Его руки продолжают свой путь по бокам моего тела, зажигая крошечные нервы, о существовании которых я даже не подозревала. Я поднимаю руки, когда его ладони скользят по бокам моей груди, и он стягивает платье через голову.
"Позволь мне позаботиться о тебе". В его словах звучит отчаяние, от которого у меня сжимается горло. "На двадцать четыре часа. Это все". Затем он добавляет с мягкой, почти принужденной улыбкой: "Я осмелюсь".
Я осмелюсь, ты была такой легкой, когда меня выбросили на берег. Теперь уже нет.
Я то открываю, то закрываю рот, сглатывая от напряжения. Я не могу объяснить, почему его просьба кажется такой тяжелой и нагруженной. Я не могу объяснить, как она меня пугает. Как она заставляет меня чувствовать себя маленькой, но в то же время ценной.
Я опираюсь на это заветное чувство и делаю страшную вещь.
"Хорошо".
"Хорошо". Он сдерживает гордую улыбку, словно выиграл приз, и вместо этого прикусывает губу. "А теперь залезай в эту чертову ванну, Реальта". Он бросает на меня властный взгляд, от которого мне становится смешно, и выходит из комнаты, сказав, что еще вернется.

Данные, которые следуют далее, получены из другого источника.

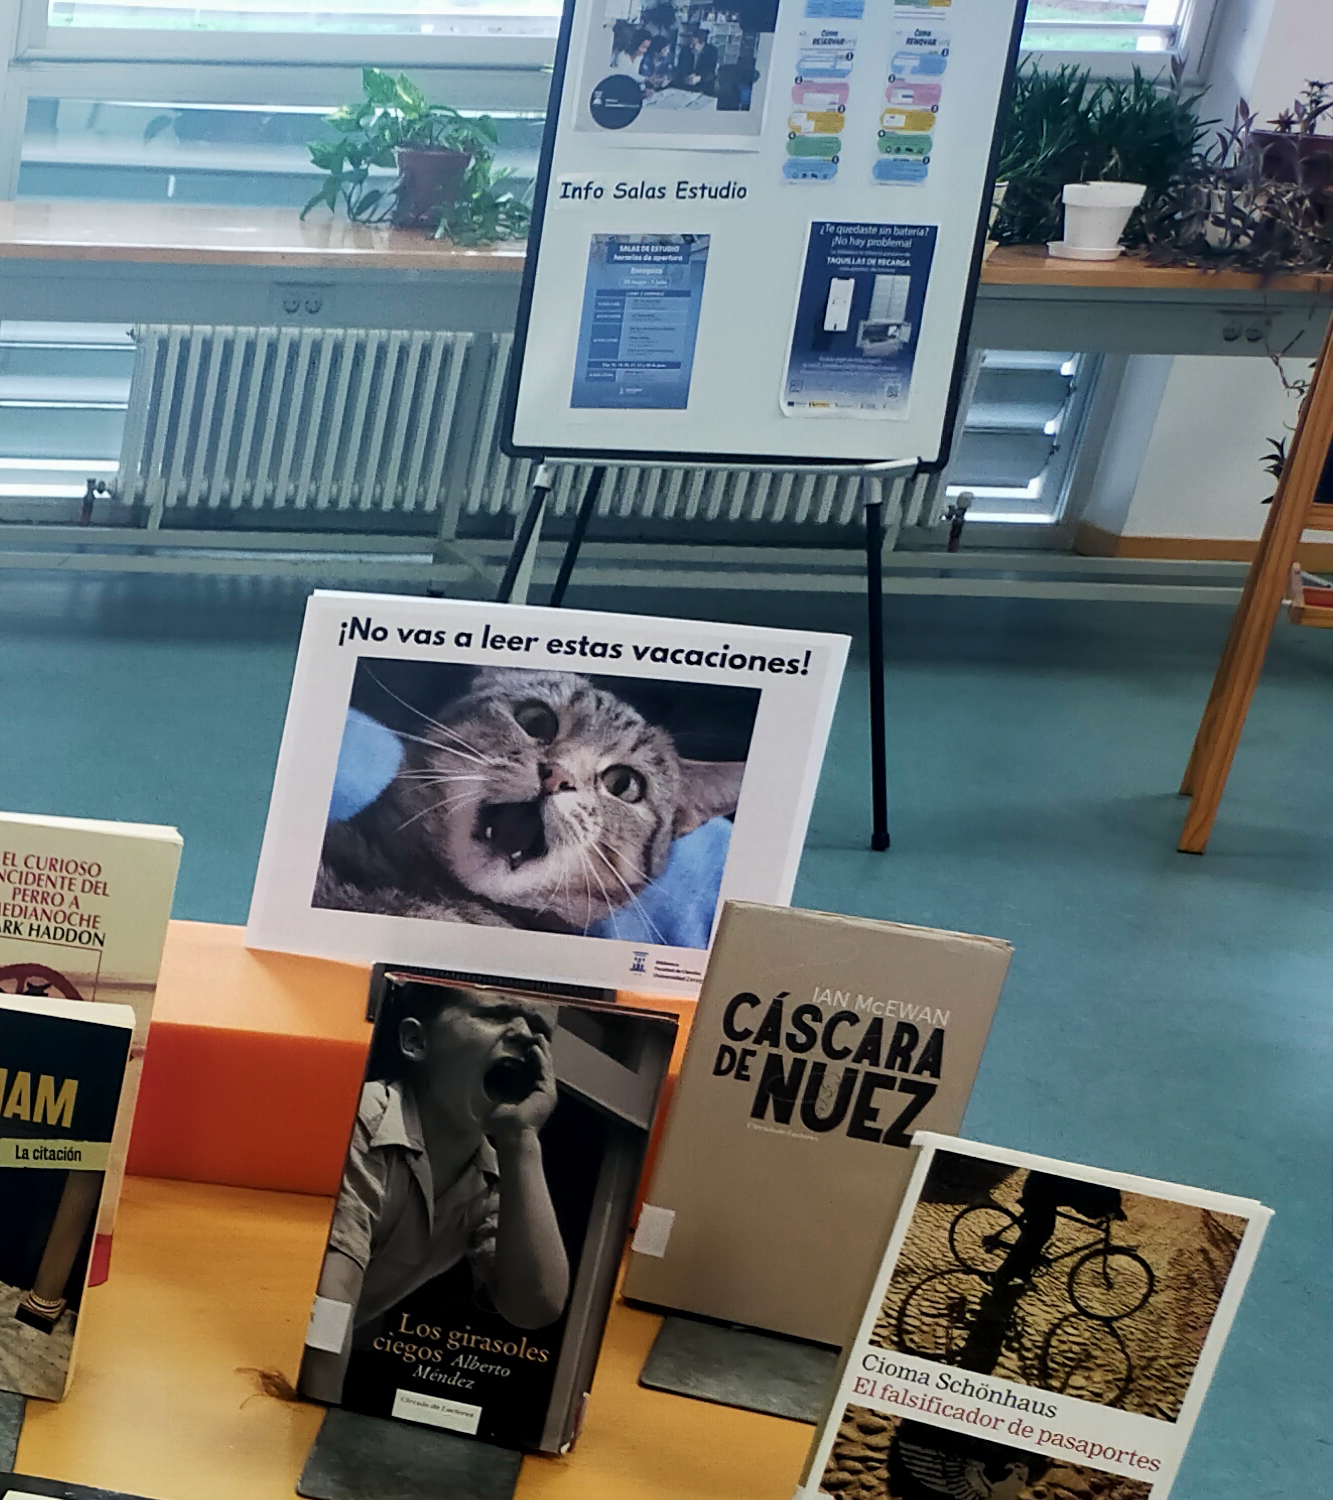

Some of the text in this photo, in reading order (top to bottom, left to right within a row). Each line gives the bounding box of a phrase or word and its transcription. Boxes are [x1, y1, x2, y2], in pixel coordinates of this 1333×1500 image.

Я запрыгиваю в ванну и смотрю в прозрачную воду. В ней нет ни капли воды, только толстый слой поднимающегося пара. Я стягиваю с себя купальник и скольжу внутрь.
"Так, у нас в очереди третий сезон "Офиса". Я поднимаю голову, когда в комнату входит Лохлан и что-то говорит. У него полные руки, и он выглядит таким счастливым, как собака, несущая свои любимые игрушки. Мне становится интересно, сколько раз он пытался позаботиться обо мне, но я не замечала этого, потому что была слишком занята заботой обо всех остальных.
"Лед для твоей лодыжки". Он бросает на табурет сверток со льдом, завернутый в полотенце, и швыряет в меня пластиковый пакет, который я ловлю в воздухе, прежде чем он падает в воду. "И кислые жевательные черви для твоей…" Он морщит нос.
"Душа?" предлагаю я со смехом, глядя на свои любимые конфеты. Любимые — это еще мягко сказано. Я могу есть кислые червячки, пока не сгорят все вкусовые рецепторы на моем языке. "Где ты их взял?" Он отсутствовал не больше минуты или двух.